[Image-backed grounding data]
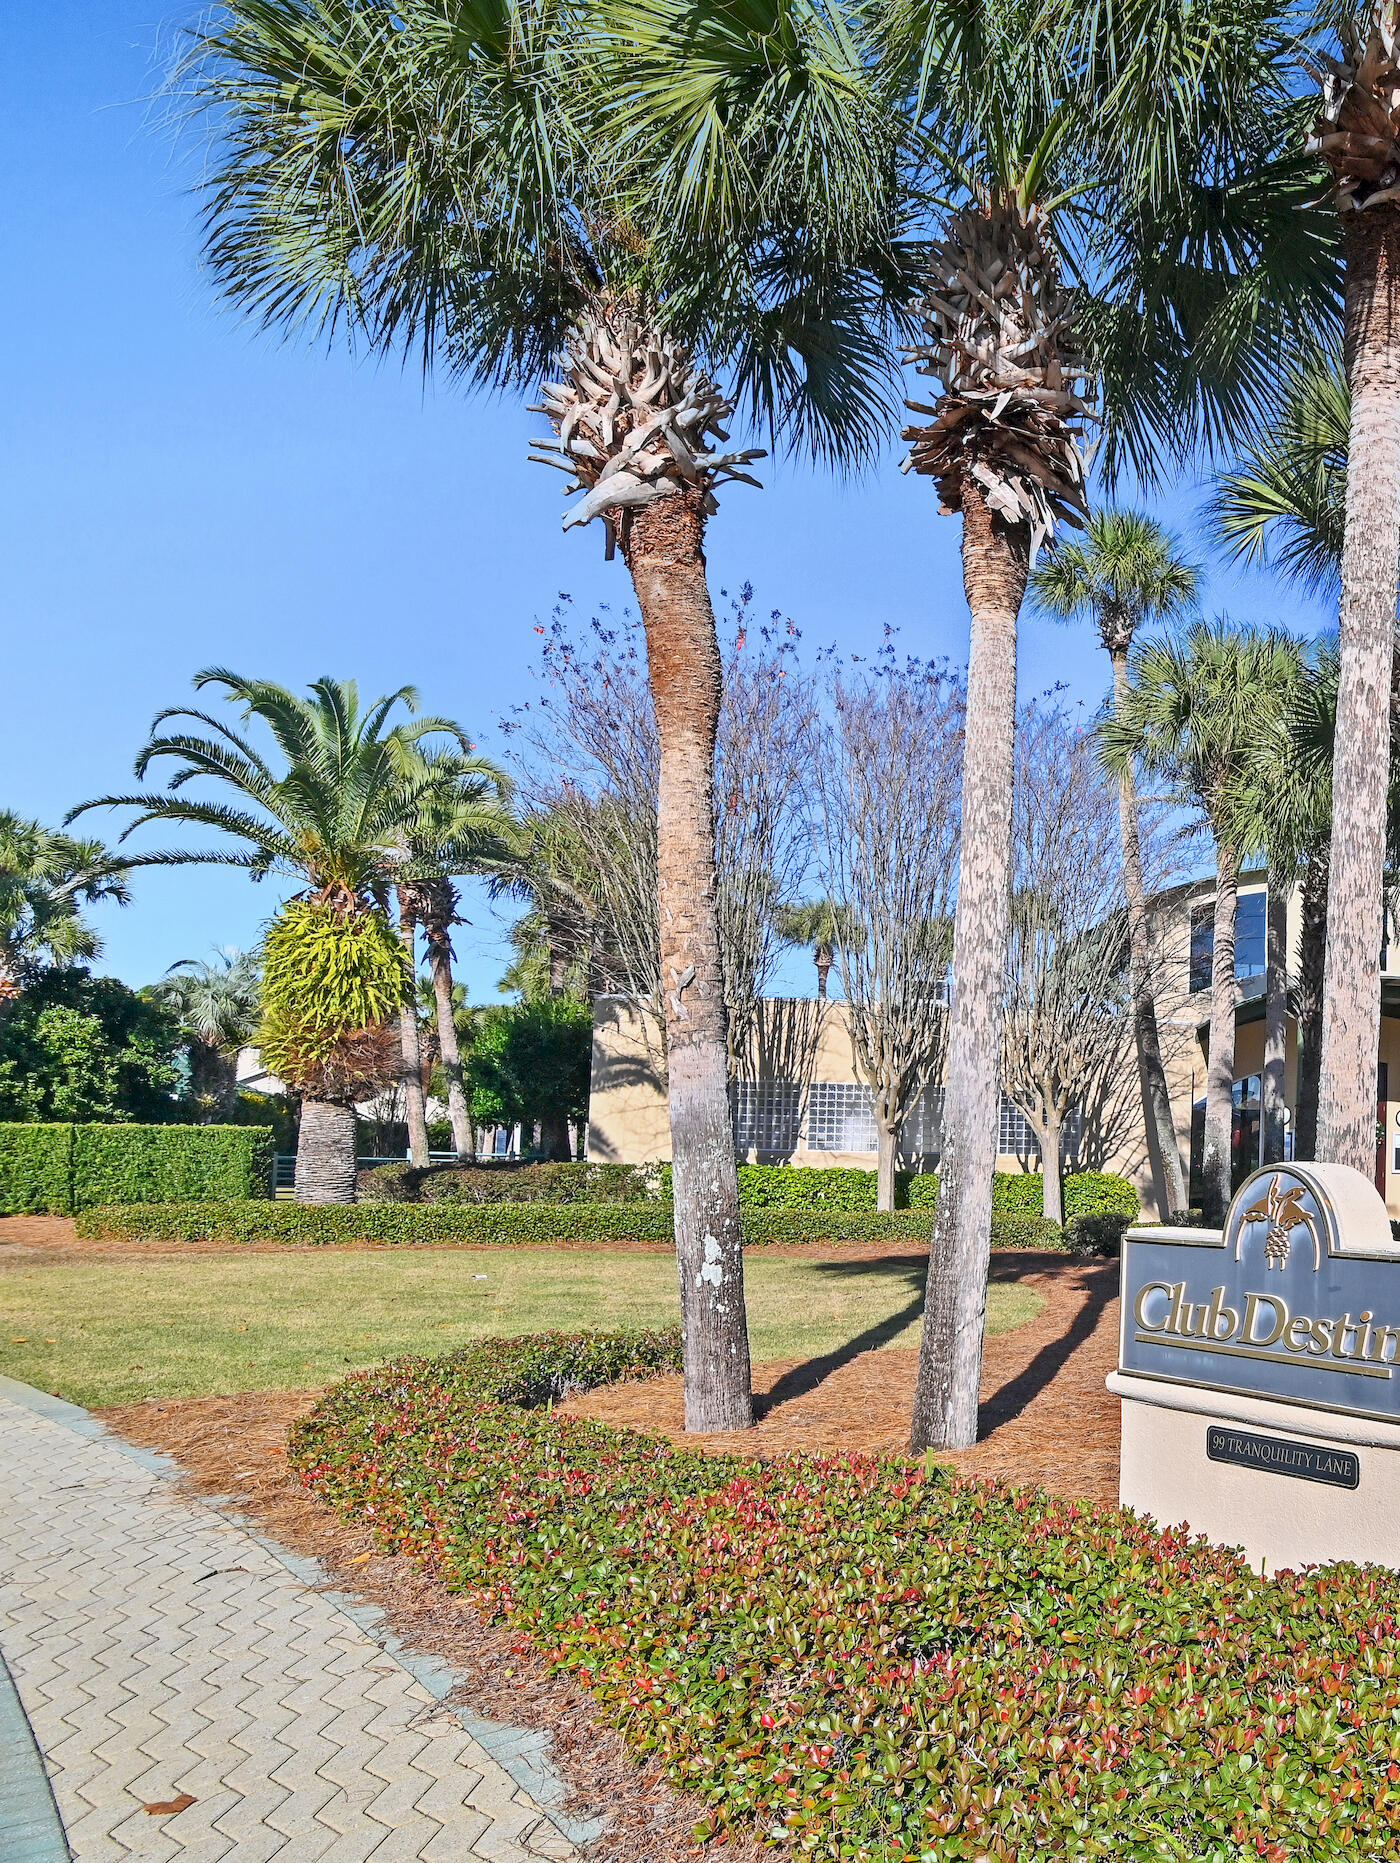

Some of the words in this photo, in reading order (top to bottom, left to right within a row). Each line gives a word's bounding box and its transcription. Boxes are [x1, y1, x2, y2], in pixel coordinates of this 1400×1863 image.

[1134, 1281, 1239, 1341] Club
[1212, 1435, 1225, 1450] 99
[1228, 1438, 1313, 1468] TRANQUILITY
[1316, 1455, 1352, 1476] LANE

What the task requires: Return the records above exactly as written. Do not include their images.

Completed task:
Some of the words in this photo, in reading order (top to bottom, left to right within a row). Each line gives a word's bounding box and its transcription. Boxes are [x1, y1, x2, y2], in pixel coordinates of this 1400×1863 image.

[1134, 1281, 1239, 1341] Club
[1212, 1435, 1225, 1450] 99
[1228, 1438, 1313, 1468] TRANQUILITY
[1316, 1455, 1352, 1476] LANE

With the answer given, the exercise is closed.